Hi, my name is Olga and I just ordered my first package of italian bees. So I can't even call mysef a beek yet, but I am exited about getting started. I built my TBH and read a few books on how to take cere of the wonderful creatures. I must say, I am scared, but I am ready to give it all I got. This forum is great, I already found bunch of good info here. Thanks!


----------



## dragonfly (Jun 18, 2002)

Hello Olga- nice intro, and welcome to Beesource.


----------



## AmericasBeekeeper (Jan 24, 2010)

Welcome Olga!


----------



## Specialkayme (Sep 4, 2005)

Welcome to the site!


----------



## lisascenic (Mar 11, 2010)

Welcome! Have you found a local bee club, yet? It's a great way to learn, either through workshops, or just asking your neighbors lots of questions. I think one of the best things I did when I was starting out was watch other beekeepers work their hives. When I did it myself, I knew what to expect, and how not to be a total klutz.

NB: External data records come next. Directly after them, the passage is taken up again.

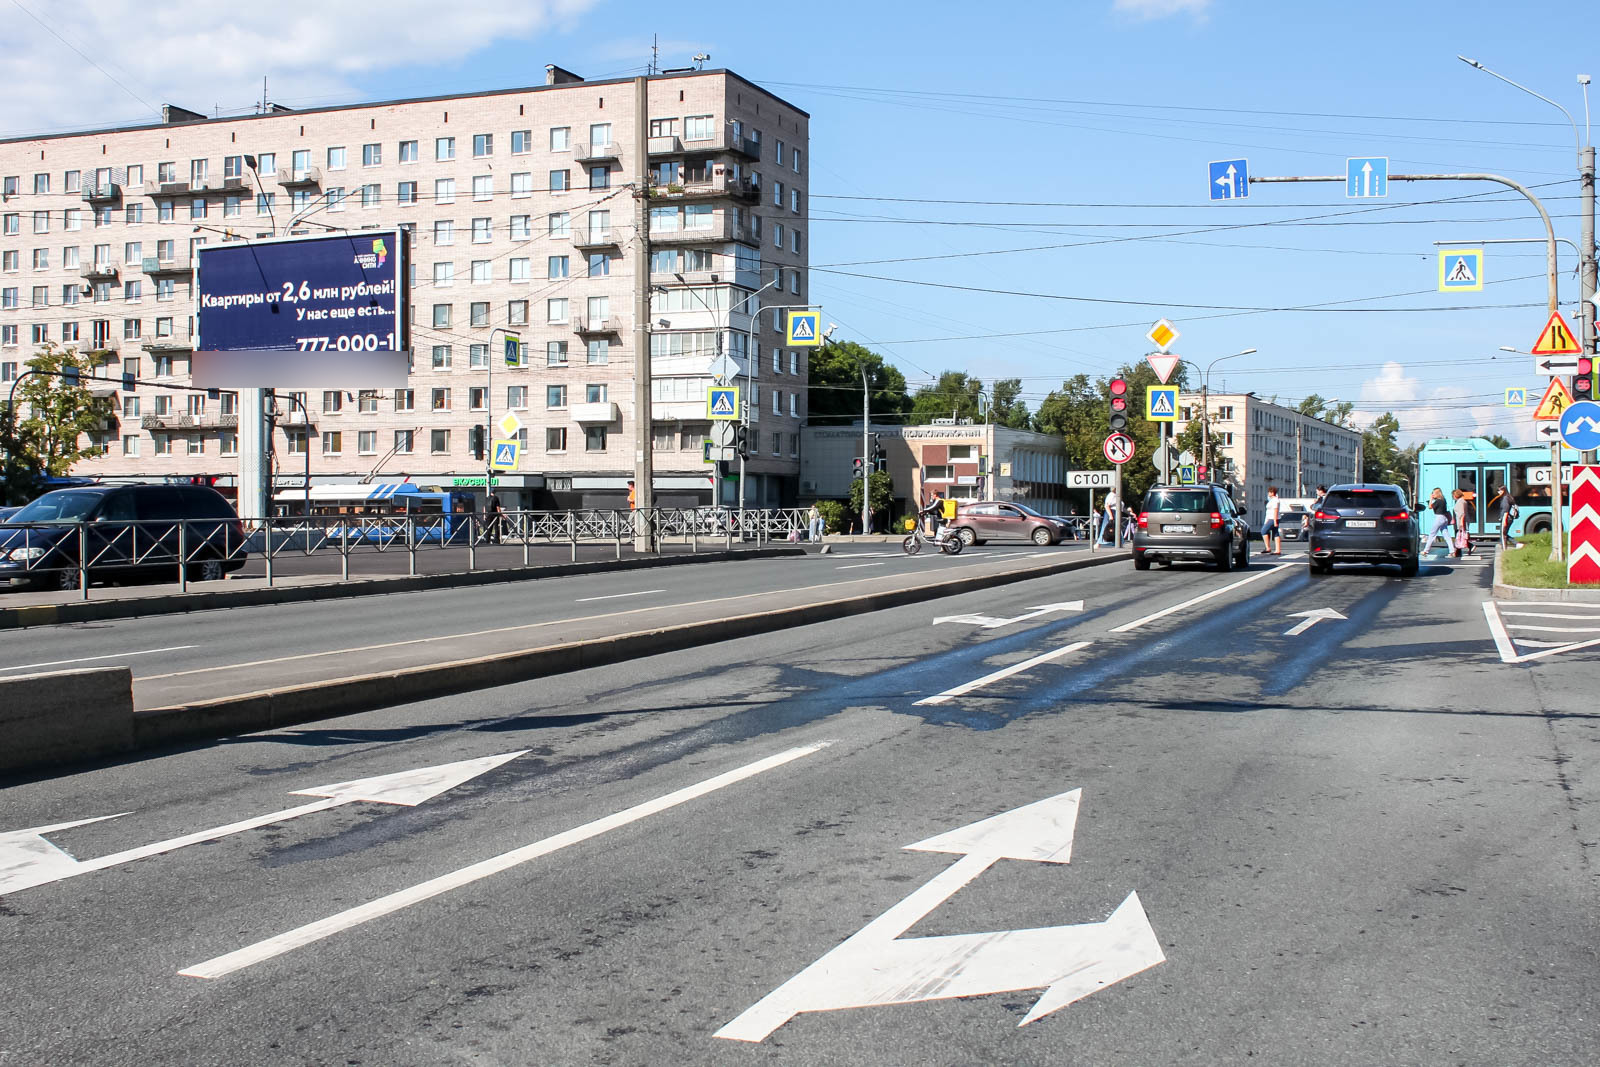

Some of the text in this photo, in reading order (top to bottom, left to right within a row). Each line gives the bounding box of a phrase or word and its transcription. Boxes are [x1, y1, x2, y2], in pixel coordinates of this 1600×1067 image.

[202, 279, 395, 309] Квартиры от 2,6 млн рублей!
[296, 306, 395, 321] У нас еще есть...
[295, 332, 394, 351] 777-000-1
[452, 477, 499, 486] ВКУСВИЛ
[1074, 473, 1109, 485] СТОП
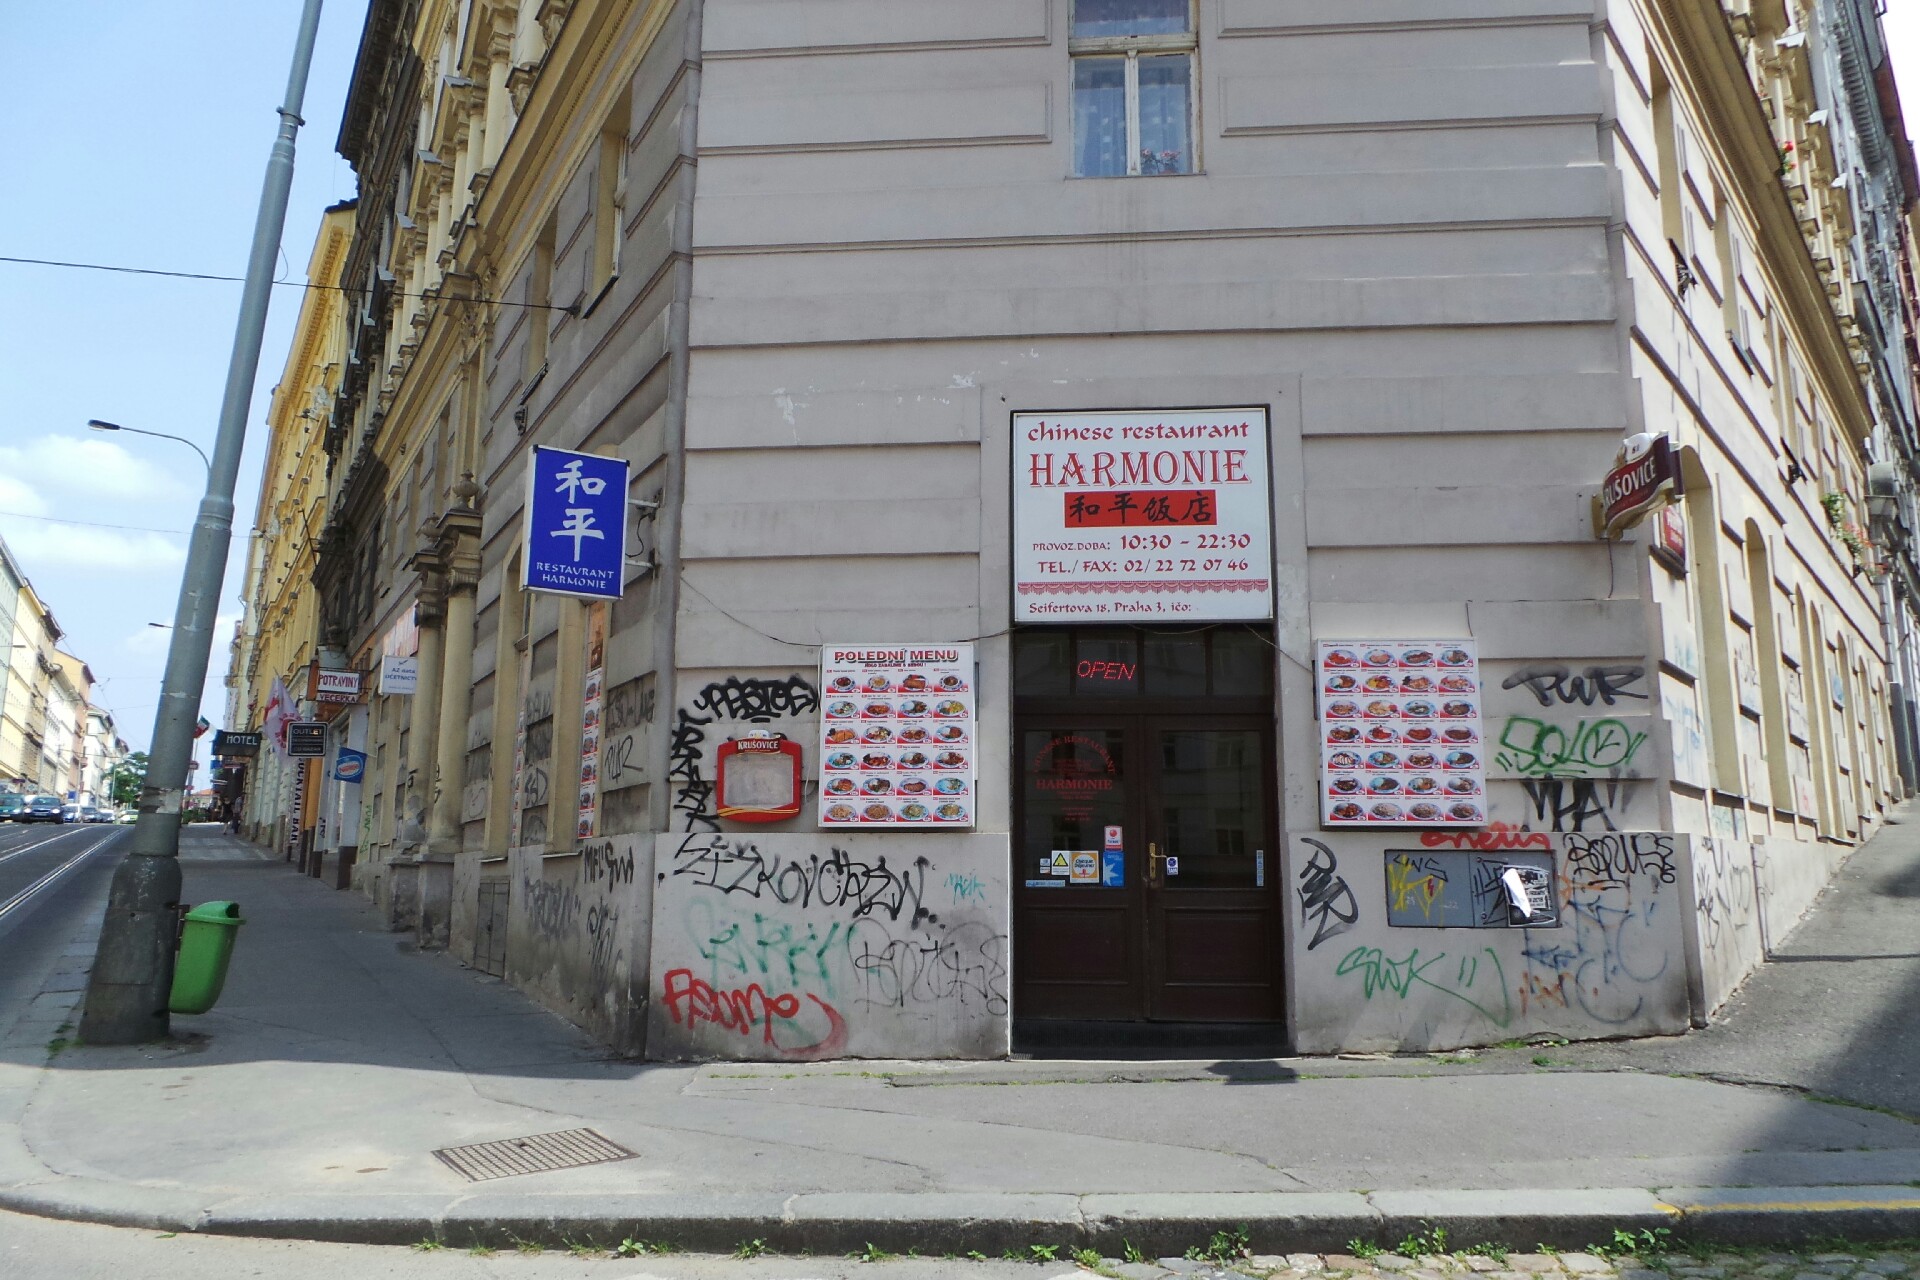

I'll bet Laurel is great for bees! I grew up in Bethesda, and lived in Baltimore for years. Remember that bees need good air flow in the summertime.


----------



## George Heath (Nov 28, 2010)

Hey Olga!
I live in Parsonsburg, MD ... Just outside of Salisbury.
So your starting off with a topbar hive?

You'll find a ton of helpful info & a great group of Beeks here.


----------



## scdw43 (Aug 14, 2008)

Good luck with your bees this year.


----------



## indypartridge (Nov 18, 2004)

lisascenic said:


> Welcome! Have you found a local bee club, yet? It's a great way to learn, either through workshops, or just asking your neighbors lots of questions.


I'll also encourage you to get involved with a club - they're great places to find mentors and get connected to the local beekeeping community:
http://www.msbeea.org/main/Clubs.html?extraParam=&now=534&chkMSBA=&chkInsp=&chkLinks=&chkPapers=


----------